# Dataset content:
◇ ◇ ◇

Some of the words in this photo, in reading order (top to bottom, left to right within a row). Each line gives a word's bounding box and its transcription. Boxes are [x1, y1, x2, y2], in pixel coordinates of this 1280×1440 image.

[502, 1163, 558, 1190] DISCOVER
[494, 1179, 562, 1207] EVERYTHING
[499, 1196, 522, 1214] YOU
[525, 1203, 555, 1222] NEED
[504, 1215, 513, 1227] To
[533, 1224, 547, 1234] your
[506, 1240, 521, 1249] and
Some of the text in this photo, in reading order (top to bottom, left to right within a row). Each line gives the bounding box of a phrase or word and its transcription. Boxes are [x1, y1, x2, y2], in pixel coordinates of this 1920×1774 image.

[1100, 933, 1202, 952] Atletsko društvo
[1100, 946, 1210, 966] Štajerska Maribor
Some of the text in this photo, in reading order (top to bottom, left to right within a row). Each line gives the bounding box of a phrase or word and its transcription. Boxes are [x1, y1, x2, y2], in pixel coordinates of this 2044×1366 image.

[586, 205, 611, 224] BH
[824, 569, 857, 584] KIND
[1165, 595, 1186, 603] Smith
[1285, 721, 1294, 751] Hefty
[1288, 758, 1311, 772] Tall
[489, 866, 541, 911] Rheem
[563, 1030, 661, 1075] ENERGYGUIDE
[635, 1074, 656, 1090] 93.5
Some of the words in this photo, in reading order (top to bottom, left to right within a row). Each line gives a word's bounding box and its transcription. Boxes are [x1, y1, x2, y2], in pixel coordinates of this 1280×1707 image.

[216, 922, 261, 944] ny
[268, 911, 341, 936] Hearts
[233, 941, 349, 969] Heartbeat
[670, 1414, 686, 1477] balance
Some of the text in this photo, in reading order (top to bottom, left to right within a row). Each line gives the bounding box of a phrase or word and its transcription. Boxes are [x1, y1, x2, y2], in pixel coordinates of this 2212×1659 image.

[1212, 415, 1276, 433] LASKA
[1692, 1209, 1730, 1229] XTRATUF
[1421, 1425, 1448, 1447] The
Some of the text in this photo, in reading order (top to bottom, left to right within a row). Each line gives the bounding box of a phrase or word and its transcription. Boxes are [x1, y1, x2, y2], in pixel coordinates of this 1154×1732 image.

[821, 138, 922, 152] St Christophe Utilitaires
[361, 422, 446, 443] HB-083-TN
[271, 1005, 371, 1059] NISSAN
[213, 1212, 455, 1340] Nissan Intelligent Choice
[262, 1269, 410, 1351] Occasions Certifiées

◇ ◇ ◇

# Task item:
Your answer should hold only the lines from the one with "this 1154×1732 image." through the end of the listing above, both ends included, written out exactly.

# Written solution:
Some of the text in this photo, in reading order (top to bottom, left to right within a row). Each line gives the bounding box of a phrase or word and its transcription. Boxes are [x1, y1, x2, y2], in pixel coordinates of this 1154×1732 image.

[821, 138, 922, 152] St Christophe Utilitaires
[361, 422, 446, 443] HB-083-TN
[271, 1005, 371, 1059] NISSAN
[213, 1212, 455, 1340] Nissan Intelligent Choice
[262, 1269, 410, 1351] Occasions Certifiées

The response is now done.